Focusing on respiratory parameters, PaO2/FiO2 was significantly higher in NIV group 1 h after randomization (mean PaO2/FiO2 HFNC alone group 143 vs. PaO2/FiO2 NIV group 199, p < 0.001), but the difference progressively reduces at 6 to 12 hours and at 24 hours (mean PaO2/FiO2 HFNC alone group 172 vs. PaO2/FiO2 NIV group 196 p < 0.001). No statistical difference was found in time-to-intubation between the two groups.

Discomfort significantly decreased in HFNO alone group 1 hour after randomization compared to NIV group (p = 0.04), while respiratory rate did not reach the statistical significance between the two groups.

 

Food for thoughts 

  • FLORALI-IM is the first trial comparing NIV alternating with HFNO and HFNO alone in immunocompromised patients. The trial is precisely designed, procedures are detailed, and almost all criteria are standardized among centers (e.g., intubation criteria and weaning of HFNO and NIV criteria), leaving no arbitrary choice to the attending physician. Sample size is reached, while mortality observed in the two groups is higher than the one reported in other previous studies, as FLORALI-IM includes severe patients that are often excluded by other studies (e.g., severe neutropenia), perhaps making the study population more comparable to the “real” one that occupies ICUs.
  • The study finds that HFNO therapy could be an alternative to NIV for immunocompromised patients, supporting 2021 ERS clinical practice guidelines about the use of HFNO in ARF, which suggests the use of HFNO over NIV in immunocompromised patient. Moreover, HFNO appears to be easier to set and to manage than NIV.
  • Even if NIV improves gas exchange and requires a lower inspired fraction of oxygen from one hour to 24 hours after randomization, these respiratory parameters are not associated with a long-term influence on the primary outcome.
  • After randomization, mean TV value is 9.6 ml PBW, suggesting that, in this population, protective ventilation is difficult to reach (TV < 8 ml PBW). TV after 1 hour of NIV do not differ between intubated and non-intubated patients (p = 0,63). Similar comparison in the later phases of hospitalization is not available.
  • mortality seems to be higher in NIV group intubated patients than in HFNO alone group intubated patients (64% vs. 51%, respectively), even if these data are not comparable since samples are no longer randomized. There are not differences in time-to-intubation between the two groups, suggesting that neither HFNC nor NIV alternating with HFNC delays intubation compared to the other.

 

Conclusion
In immunocompromised patients admitted to ICU for acute respiratory failure, mortality rates at day 28 did not differ between patients treated with HFNO alone or NIV alternating with HFNO.

 

References

 

  1. Azoulay E, Mokart D, Kouatchet A, Demoule A, Lemiale V. Acute respiratory failure in immunocompromised adults. Lancet Respir Med. 2019 Feb;7(2):173-186.

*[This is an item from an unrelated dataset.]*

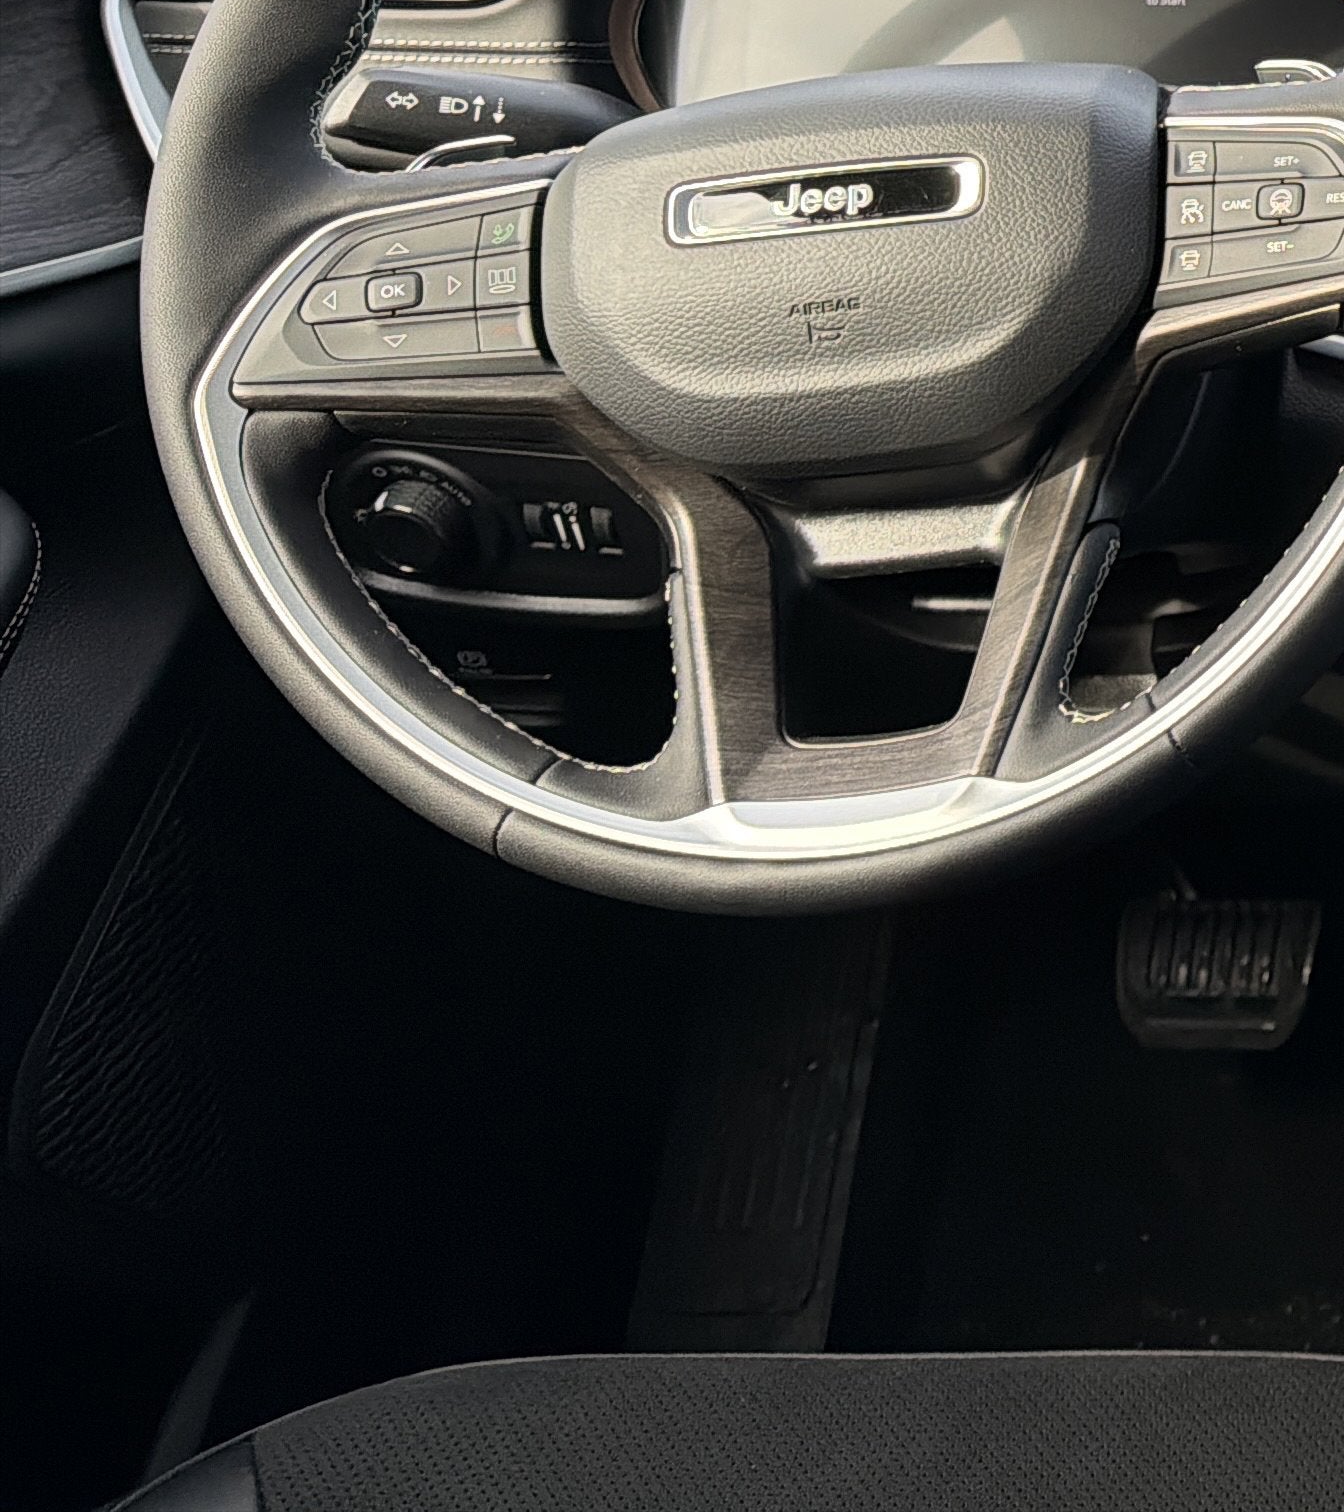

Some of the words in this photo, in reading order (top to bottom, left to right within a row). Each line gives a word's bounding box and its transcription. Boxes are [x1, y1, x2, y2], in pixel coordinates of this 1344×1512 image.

  2. Azevedo LCP, Caruso P, Silva UVA, Torelly AP, Silva E, Rezende E, et al. Outcomes for patients with cancer admitted to the ICU requiring ventilatory support: results from a prospective multicenter Chest 2014;146(2):257-266.

  3. Rochwerg B, Brochard L, Elliott MW, Hess D, Hill NS, Nava S, Navalesi P Members Of The Steering Committee, Antonelli M, Brozek J, Conti G, Ferrer M, Guntupalli K, Jaber S, Keenan S, Mancebo J, Mehta S, Raoof S Members Of The Task Force. Official ERS/ATS clinical practice guidelines: noninvasive ventilation for acute respiratory failure. Eur Respir J. 2017 Aug 31;50(2):1602426.

  4. Ferreyro BL, Angriman F, Munshi L, Del Sorbo L, Ferguson ND, Rochwerg B, Ryu MJ, Saskin R, Wunsch H, da Costa BR, Scales DC. Association of Noninvasive Oxygenation Strategies With All-Cause Mortality in Adults With Acute Hypoxemic Respiratory Failure: A Systematic Review and Meta-analysis. JAMA. 2020 Jul 7;324(1):57-67.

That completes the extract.